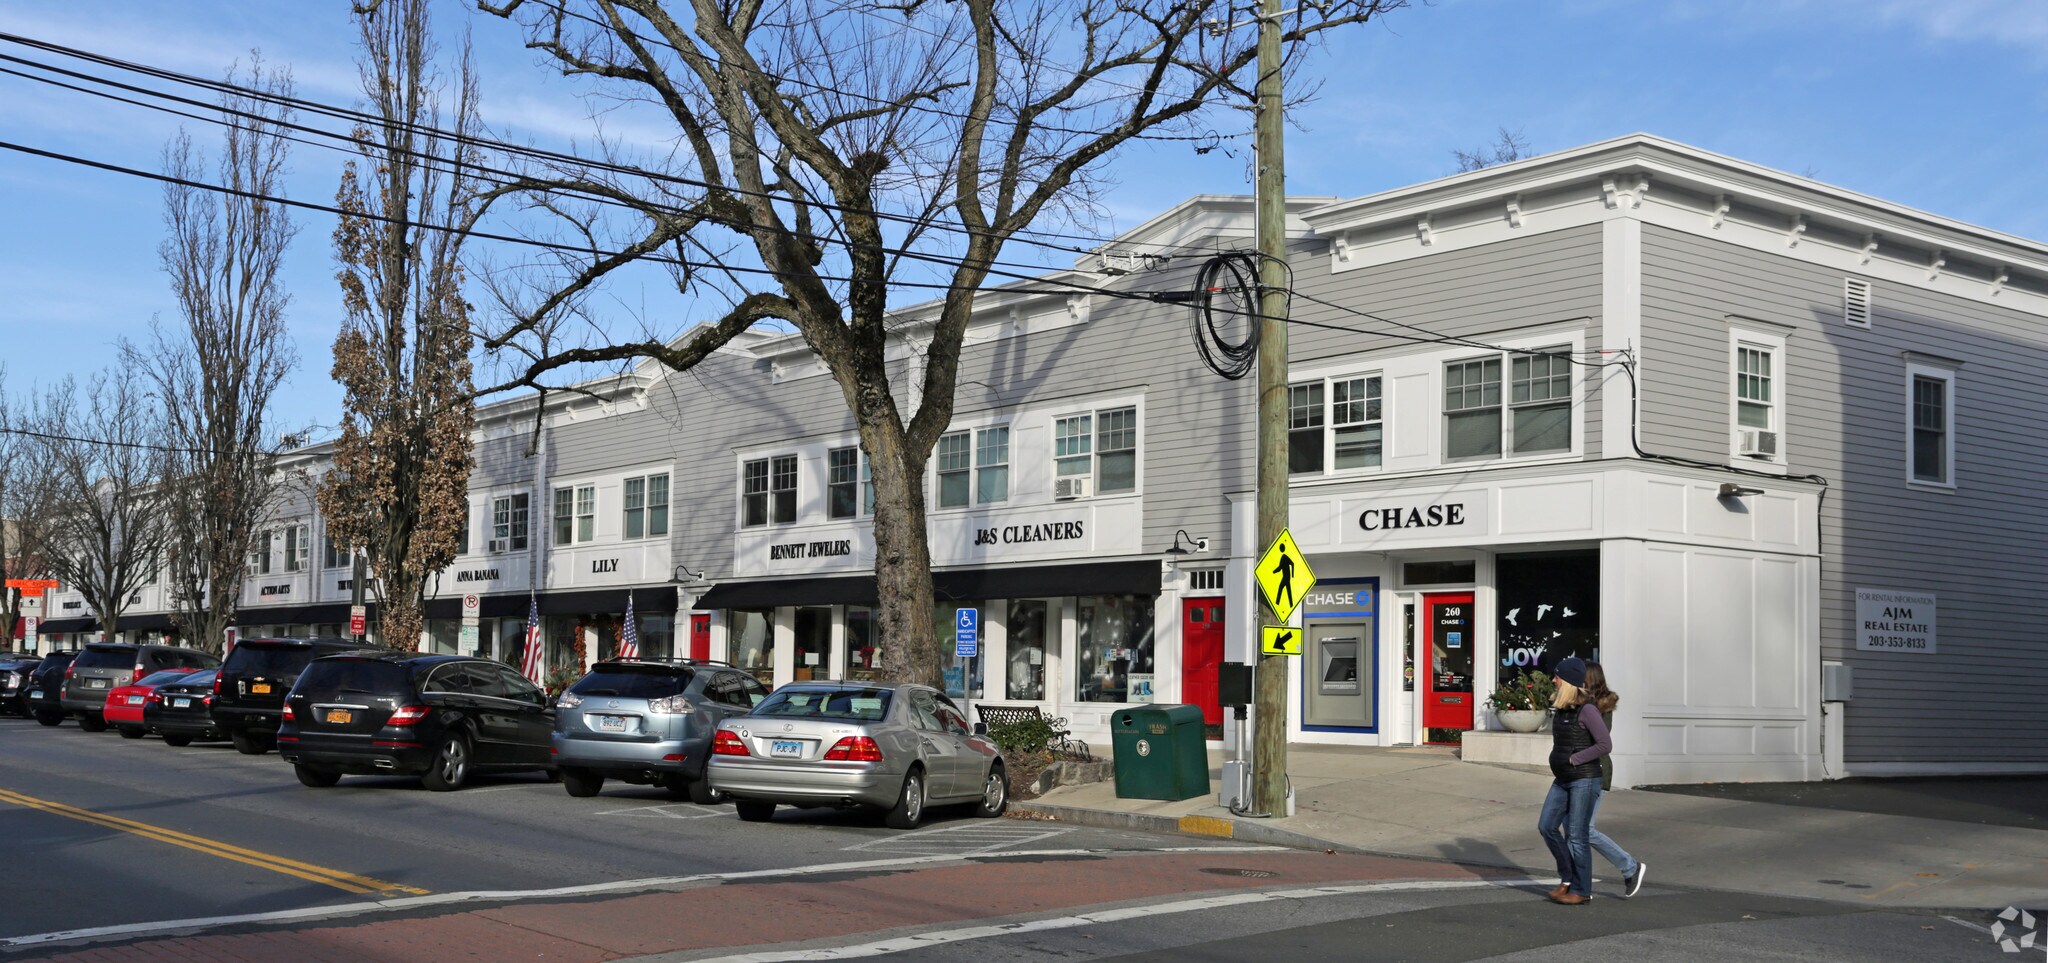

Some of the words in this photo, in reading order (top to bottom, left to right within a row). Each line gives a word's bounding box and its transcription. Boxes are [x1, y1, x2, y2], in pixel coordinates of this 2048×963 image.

[1359, 503, 1465, 531] CHASE
[975, 528, 997, 545] J&S
[1003, 521, 1083, 544] CLEANERS
[770, 543, 806, 560] BENNETT
[807, 540, 851, 558] JEWELERS
[592, 559, 619, 573] LILY
[457, 570, 473, 582] ANNA
[474, 569, 499, 581] BANANA
[261, 585, 278, 596] ACTION
[278, 584, 290, 595] ARTS
[1306, 592, 1354, 605] CHASE
[1858, 592, 1871, 601] FOR
[1872, 594, 1894, 602] RENTAL
[1895, 595, 1934, 605] INFORMATION
[1445, 607, 1460, 617] 260
[1883, 607, 1912, 620] AJM
[1865, 621, 1891, 631] REAL
[1893, 622, 1928, 633] ESTATE
[1502, 647, 1543, 667] JOY
[742, 730, 749, 738] Q
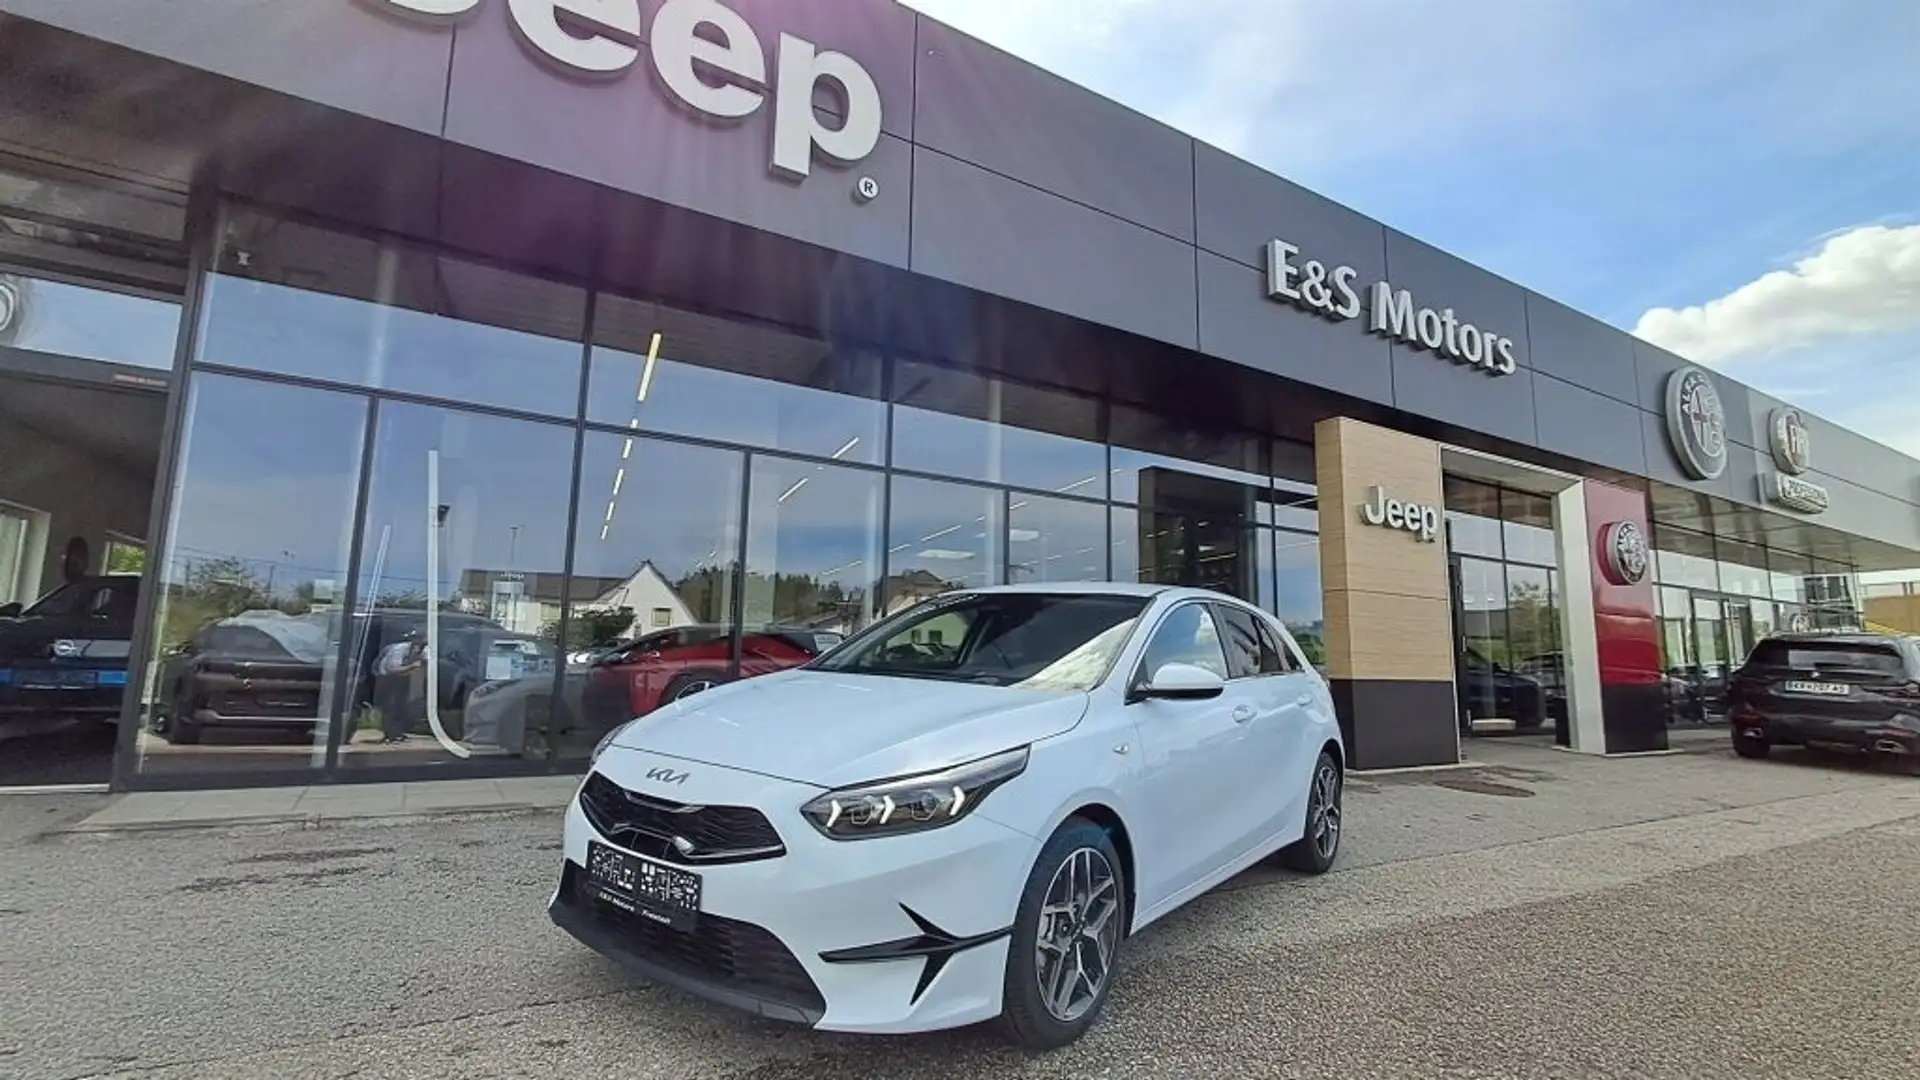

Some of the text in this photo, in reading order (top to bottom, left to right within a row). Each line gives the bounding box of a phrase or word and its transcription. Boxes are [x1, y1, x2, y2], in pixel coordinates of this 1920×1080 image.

[383, 0, 882, 181] eep
[1267, 239, 1516, 375] E&S Motors
[1364, 485, 1438, 541] Jeep
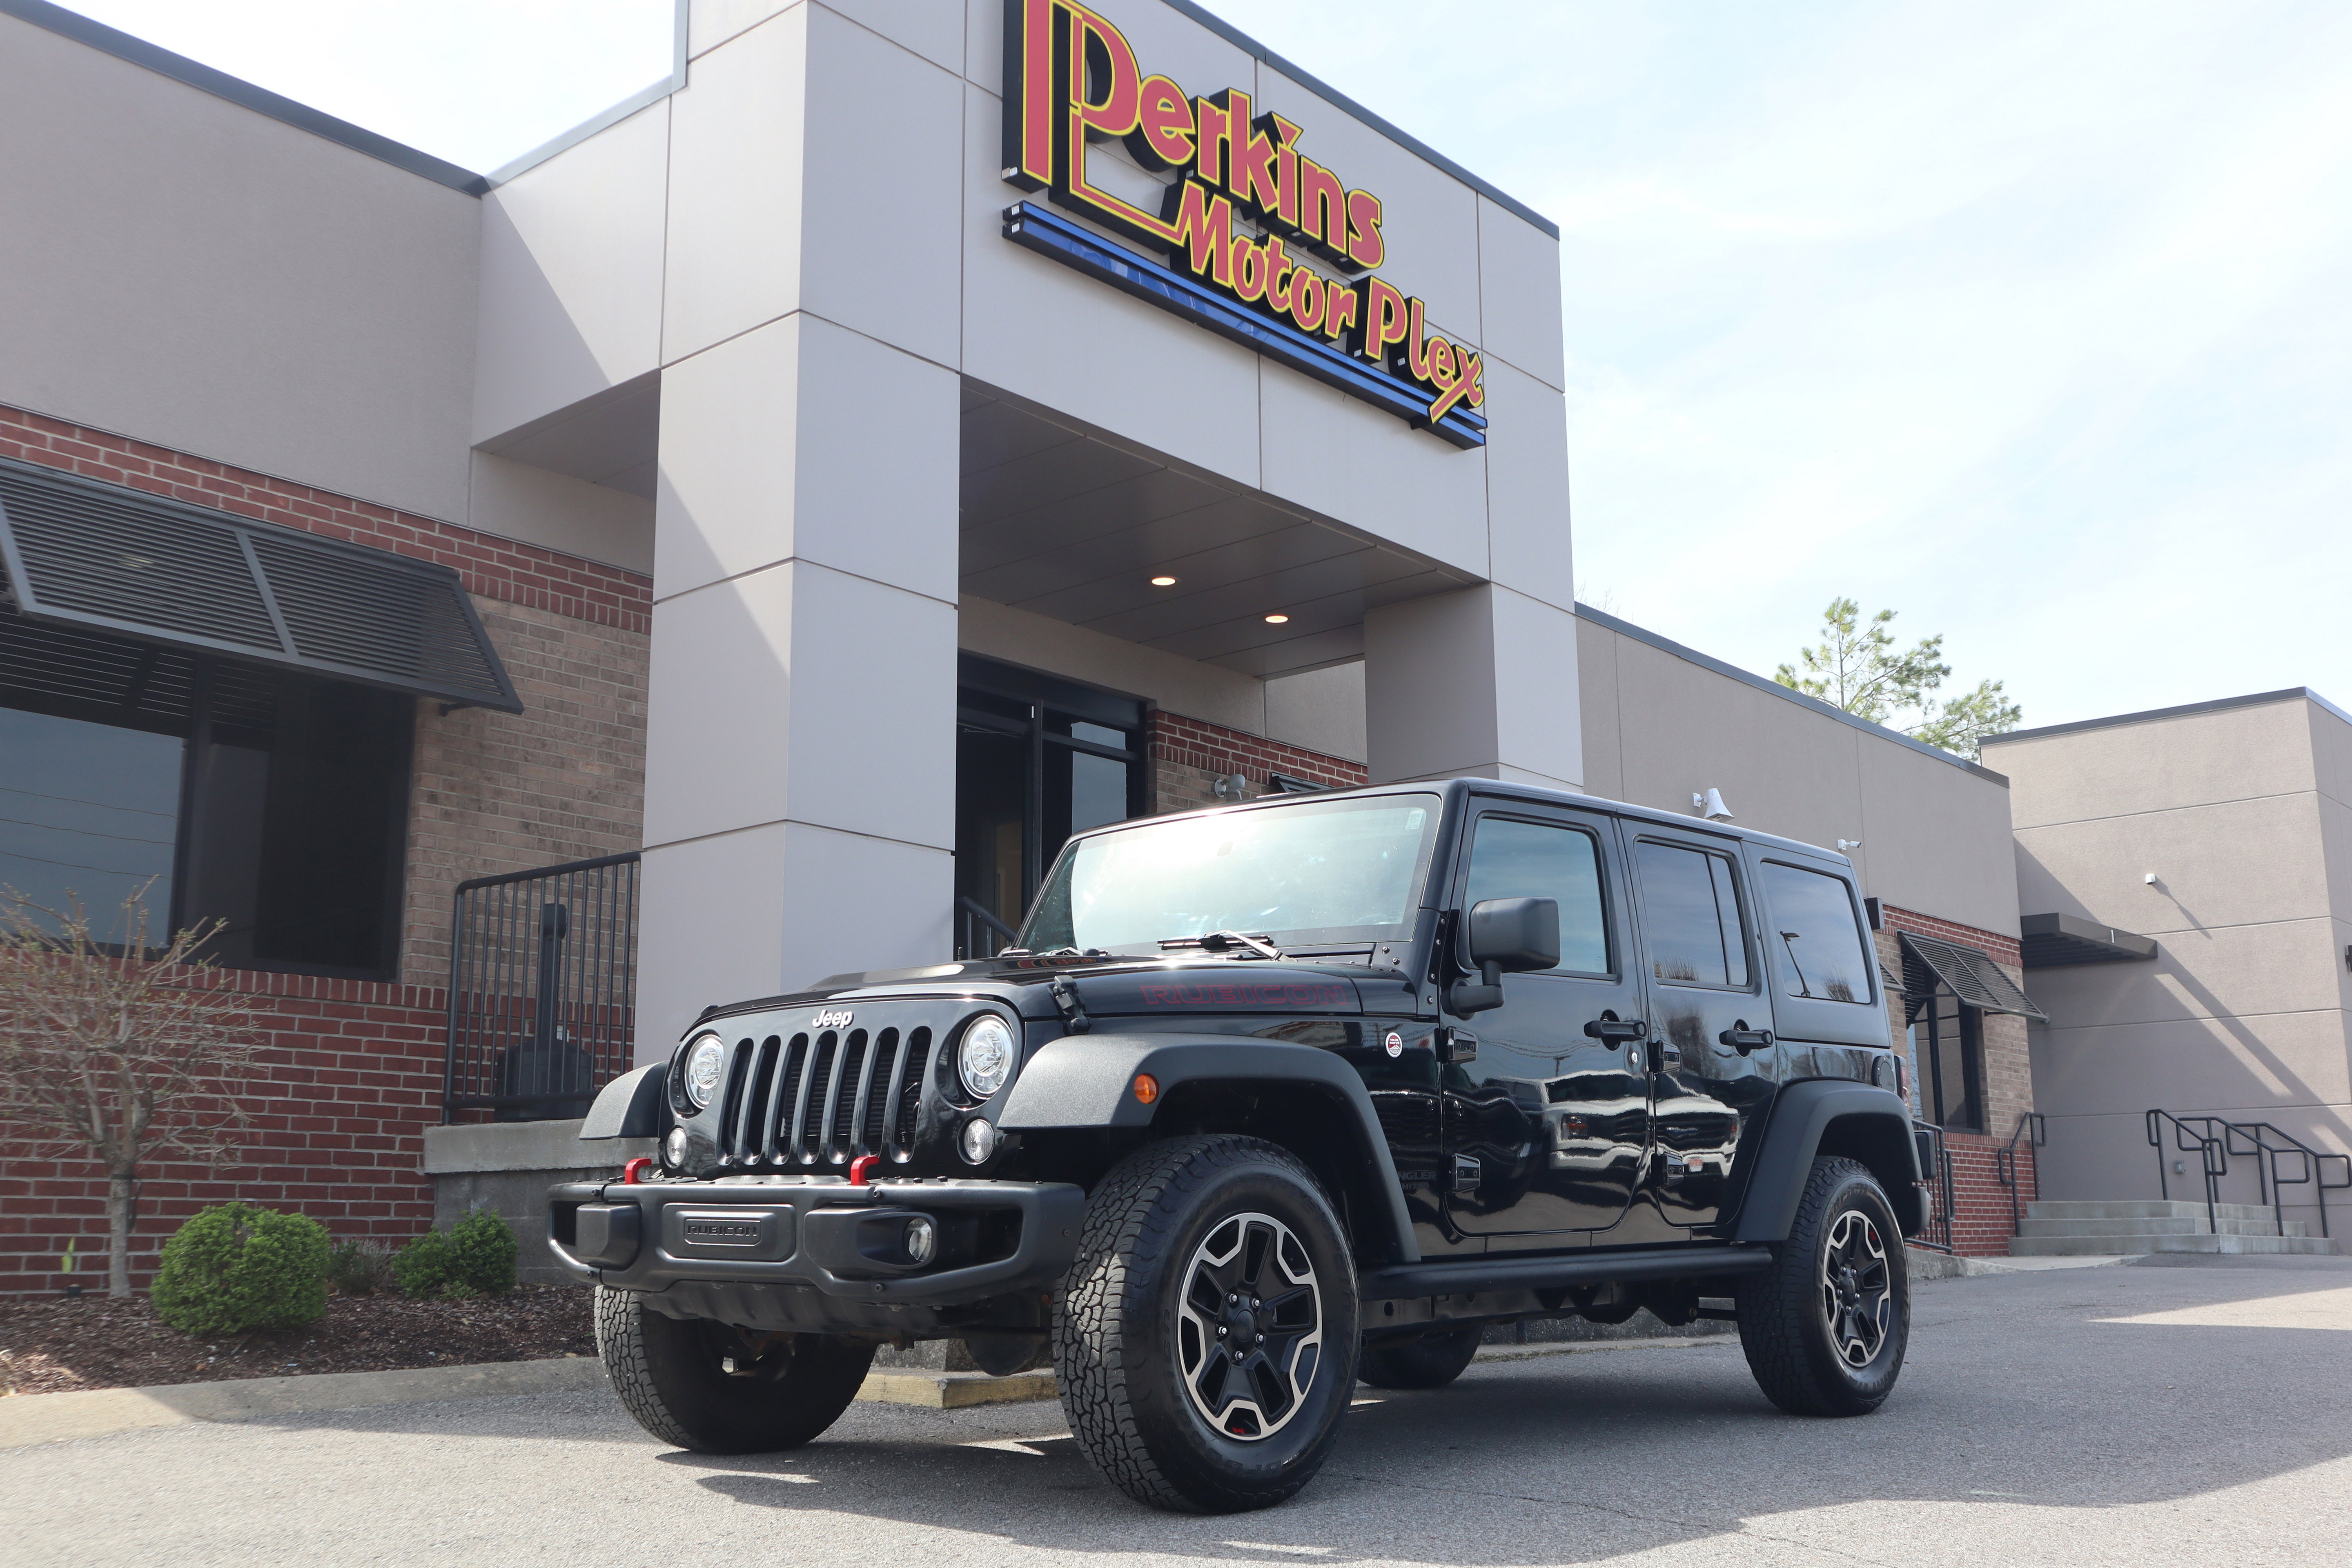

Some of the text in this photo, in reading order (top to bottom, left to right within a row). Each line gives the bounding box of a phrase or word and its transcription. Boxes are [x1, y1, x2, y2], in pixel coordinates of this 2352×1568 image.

[1022, 0, 1385, 269] Perkins
[1174, 178, 1484, 424] Motor Plex
[1140, 984, 1348, 1005] RUBICON
[812, 1009, 854, 1029] Jeep
[1397, 1171, 1437, 1180] NGLER
[687, 1225, 757, 1236] RUBICON
[1161, 1307, 1282, 1480] BFGoodrich

***

__What this task involves__:
Repeat every record above exactly. Omit the pictures.

__Result for this exercise__:
Some of the words in this photo, in reading order (top to bottom, left to right within a row). Each line gives a word's bounding box and its transcription. Boxes are [x1, y1, x2, y2], in pixel coordinates of this 2048×963 image.

[1359, 503, 1465, 531] CHASE
[975, 528, 997, 545] J&S
[1003, 521, 1083, 544] CLEANERS
[770, 543, 806, 560] BENNETT
[807, 540, 851, 558] JEWELERS
[592, 559, 619, 573] LILY
[457, 570, 473, 582] ANNA
[474, 569, 499, 581] BANANA
[261, 585, 278, 596] ACTION
[278, 584, 290, 595] ARTS
[1306, 592, 1354, 605] CHASE
[1858, 592, 1871, 601] FOR
[1872, 594, 1894, 602] RENTAL
[1895, 595, 1934, 605] INFORMATION
[1445, 607, 1460, 617] 260
[1883, 607, 1912, 620] AJM
[1865, 621, 1891, 631] REAL
[1893, 622, 1928, 633] ESTATE
[1502, 647, 1543, 667] JOY
[742, 730, 749, 738] Q

Some of the text in this photo, in reading order (top to bottom, left to right within a row). Each line gives the bounding box of a phrase or word and its transcription. Boxes are [x1, y1, x2, y2], in pixel coordinates of this 1920×1080 image.

[383, 0, 882, 181] eep
[1267, 239, 1516, 375] E&S Motors
[1364, 485, 1438, 541] Jeep

Some of the text in this photo, in reading order (top to bottom, left to right within a row). Each line gives the bounding box of a phrase or word and its transcription. Boxes are [x1, y1, x2, y2], in pixel coordinates of this 2352×1568 image.

[1022, 0, 1385, 269] Perkins
[1174, 178, 1484, 424] Motor Plex
[1140, 984, 1348, 1005] RUBICON
[812, 1009, 854, 1029] Jeep
[1397, 1171, 1437, 1180] NGLER
[687, 1225, 757, 1236] RUBICON
[1161, 1307, 1282, 1480] BFGoodrich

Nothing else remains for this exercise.